Our markets experienced a tough day on Monday, as the Dow Jones was down 768 at one point.  Additionally, the Dow was down 720 points last week.  The market was up about 300 points on Tuesday and ended flat today, after being down over 500 points this morning.  The market volatility is primarily in response to two things:

  • The federal bank only reduced interest rates by 0.25% last week. Some analysts expected a 0.5% interest rate reduction.
  • Renewed focus on Tariffs, primarily with China. As the White House tries to garner successions from the republic of China, China has responded by “devaluing their currency”.  Currency devaluation is viewed as “not playing fair” in the global currency markets, as it automatically makes your countries exports cheaper.  This is an attempt to offset the increased tariffs proposed by the White House.  So, we have a global game of chess taking place.  It appears neither side will give in.  These moves may dominate our markets over the next 6 – 9 months, adding to periodic market volatility.  However, the underlying economy and business growth continues to be strong, so economic news may outshine the periodic trade dispute with US and China.

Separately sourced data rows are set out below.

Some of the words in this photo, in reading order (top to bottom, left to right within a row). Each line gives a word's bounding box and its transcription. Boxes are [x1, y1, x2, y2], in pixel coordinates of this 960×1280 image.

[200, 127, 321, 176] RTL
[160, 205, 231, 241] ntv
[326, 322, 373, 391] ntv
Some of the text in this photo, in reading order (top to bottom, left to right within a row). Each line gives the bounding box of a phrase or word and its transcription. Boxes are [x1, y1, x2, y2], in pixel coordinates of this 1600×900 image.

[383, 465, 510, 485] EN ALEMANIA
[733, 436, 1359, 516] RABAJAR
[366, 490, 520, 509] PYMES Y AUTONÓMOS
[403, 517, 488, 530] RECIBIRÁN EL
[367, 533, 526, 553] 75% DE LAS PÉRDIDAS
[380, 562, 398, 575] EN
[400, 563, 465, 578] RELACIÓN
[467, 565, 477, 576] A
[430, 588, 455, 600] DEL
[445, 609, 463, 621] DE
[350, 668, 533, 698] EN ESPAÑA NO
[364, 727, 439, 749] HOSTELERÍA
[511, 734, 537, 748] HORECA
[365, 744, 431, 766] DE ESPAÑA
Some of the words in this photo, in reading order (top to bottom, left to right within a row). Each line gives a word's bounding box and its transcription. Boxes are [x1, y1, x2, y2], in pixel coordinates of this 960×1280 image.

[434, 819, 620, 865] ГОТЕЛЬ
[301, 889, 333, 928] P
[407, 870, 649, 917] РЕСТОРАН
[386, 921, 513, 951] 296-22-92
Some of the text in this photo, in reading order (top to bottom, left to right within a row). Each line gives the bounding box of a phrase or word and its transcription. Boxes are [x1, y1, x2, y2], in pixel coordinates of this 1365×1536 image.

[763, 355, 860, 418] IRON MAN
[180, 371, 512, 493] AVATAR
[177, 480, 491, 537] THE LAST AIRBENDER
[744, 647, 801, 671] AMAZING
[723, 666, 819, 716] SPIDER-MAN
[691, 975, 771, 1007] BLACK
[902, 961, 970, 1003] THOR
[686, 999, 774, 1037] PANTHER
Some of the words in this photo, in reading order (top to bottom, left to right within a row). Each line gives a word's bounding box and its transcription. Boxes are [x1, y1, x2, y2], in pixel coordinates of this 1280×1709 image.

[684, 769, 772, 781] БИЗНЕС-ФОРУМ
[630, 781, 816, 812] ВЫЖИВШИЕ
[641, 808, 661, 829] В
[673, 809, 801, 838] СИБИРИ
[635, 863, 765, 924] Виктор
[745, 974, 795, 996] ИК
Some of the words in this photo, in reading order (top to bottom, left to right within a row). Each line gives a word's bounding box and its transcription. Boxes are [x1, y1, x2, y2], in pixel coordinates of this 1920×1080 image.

So, what should investors do?

  1. Disregard the news outlets, which continue for the 5th year to predict a major market correction.  During this 5-year timeline, the Dow is up over 10,000 points.  It’s not that the media is biased, they simply know that predicting bad markets generates renewed readership.
  2. Don’t let your political passions affect your investment confidence.  Whether you like the White House or not, congress has very little to do with our markets. This is because our markets and economy are much bigger than the White House and Congress.